● Exercise goal
Retype each entry exactly as written, and keep the pictures out of the copy.

● Data listing

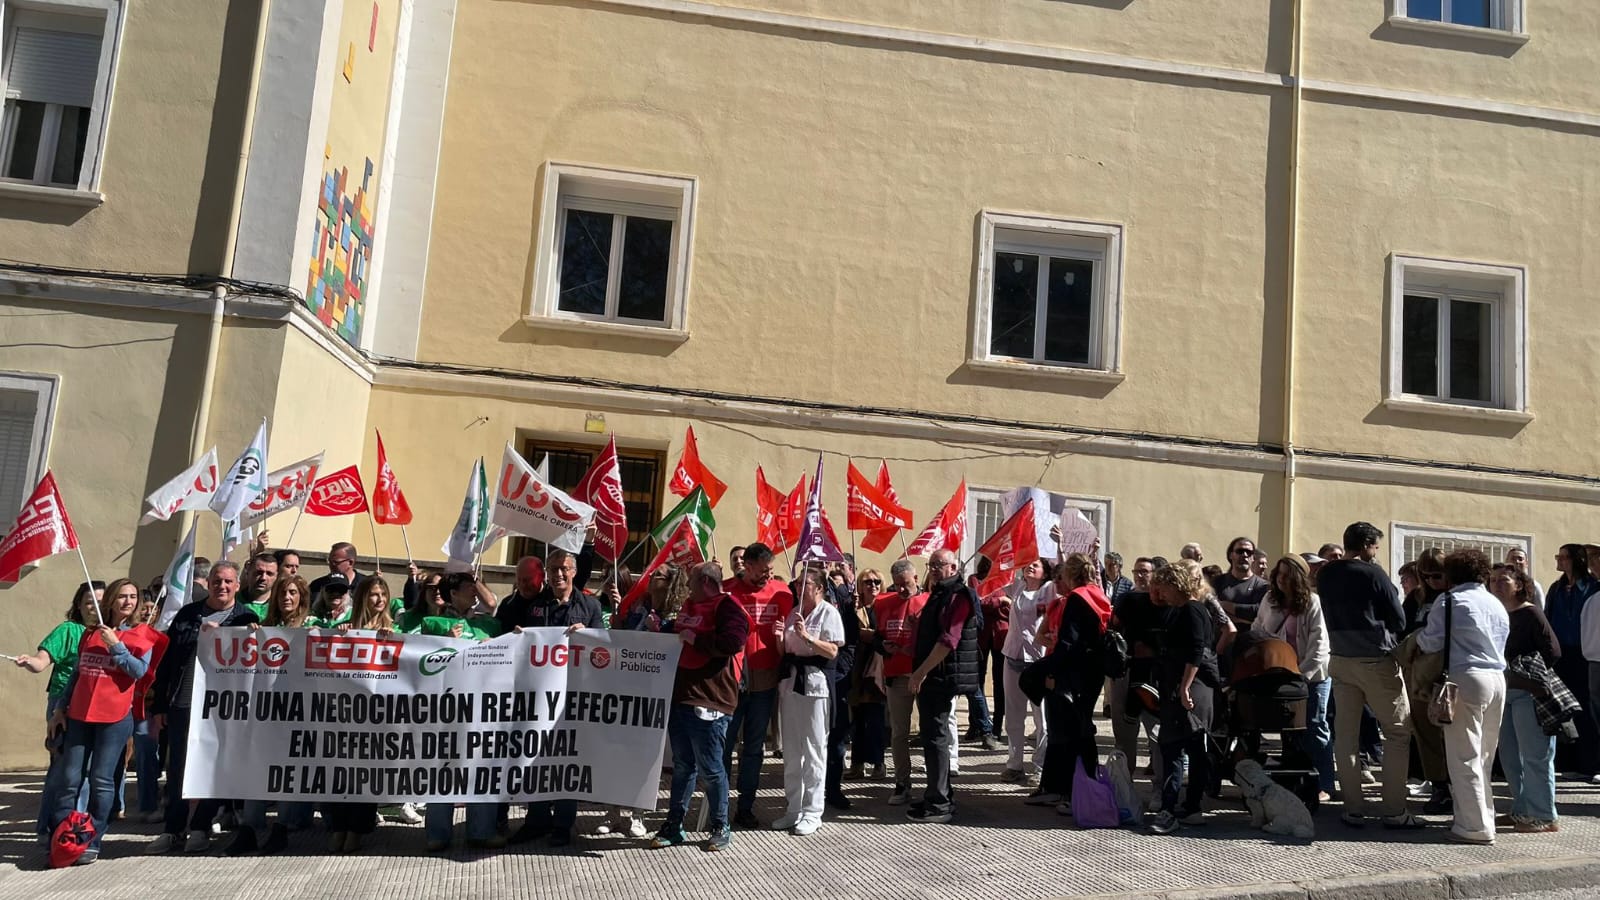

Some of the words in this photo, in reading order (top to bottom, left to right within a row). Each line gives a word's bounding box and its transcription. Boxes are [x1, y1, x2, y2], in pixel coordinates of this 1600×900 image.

[517, 503, 548, 521] SINDICAL
[550, 518, 578, 533] OBRERA
[215, 637, 290, 667] USO
[311, 641, 397, 665] CCOO
[530, 644, 586, 667] UGT
[621, 649, 667, 661] Servicios
[304, 671, 335, 679] servicios
[343, 671, 350, 679] la
[621, 662, 661, 673] Públicos
[202, 690, 249, 721] POR
[255, 691, 304, 722] UNA
[310, 687, 474, 724] NEGOCIACIÓN
[481, 691, 538, 723] REAL
[545, 691, 561, 721] Y
[565, 691, 666, 729] EFECTIVA
[289, 730, 318, 758] EN
[322, 731, 416, 760] DEFENSA
[421, 732, 460, 760] DEL
[466, 729, 579, 759] PERSONAL
[267, 765, 296, 794] DE
[300, 765, 326, 794] LA
[332, 763, 469, 796] DIPUTACIÓN
[474, 766, 502, 795] DE
[506, 765, 593, 794] CUENCA

● Exercise output
Some of the words in this photo, in reading order (top to bottom, left to right within a row). Each line gives a word's bounding box and its transcription. Boxes are [x1, y1, x2, y2], in pixel coordinates of this 1600×900 image.

[517, 503, 548, 521] SINDICAL
[550, 518, 578, 533] OBRERA
[215, 637, 290, 667] USO
[311, 641, 397, 665] CCOO
[530, 644, 586, 667] UGT
[621, 649, 667, 661] Servicios
[304, 671, 335, 679] servicios
[343, 671, 350, 679] la
[621, 662, 661, 673] Públicos
[202, 690, 249, 721] POR
[255, 691, 304, 722] UNA
[310, 687, 474, 724] NEGOCIACIÓN
[481, 691, 538, 723] REAL
[545, 691, 561, 721] Y
[565, 691, 666, 729] EFECTIVA
[289, 730, 318, 758] EN
[322, 731, 416, 760] DEFENSA
[421, 732, 460, 760] DEL
[466, 729, 579, 759] PERSONAL
[267, 765, 296, 794] DE
[300, 765, 326, 794] LA
[332, 763, 469, 796] DIPUTACIÓN
[474, 766, 502, 795] DE
[506, 765, 593, 794] CUENCA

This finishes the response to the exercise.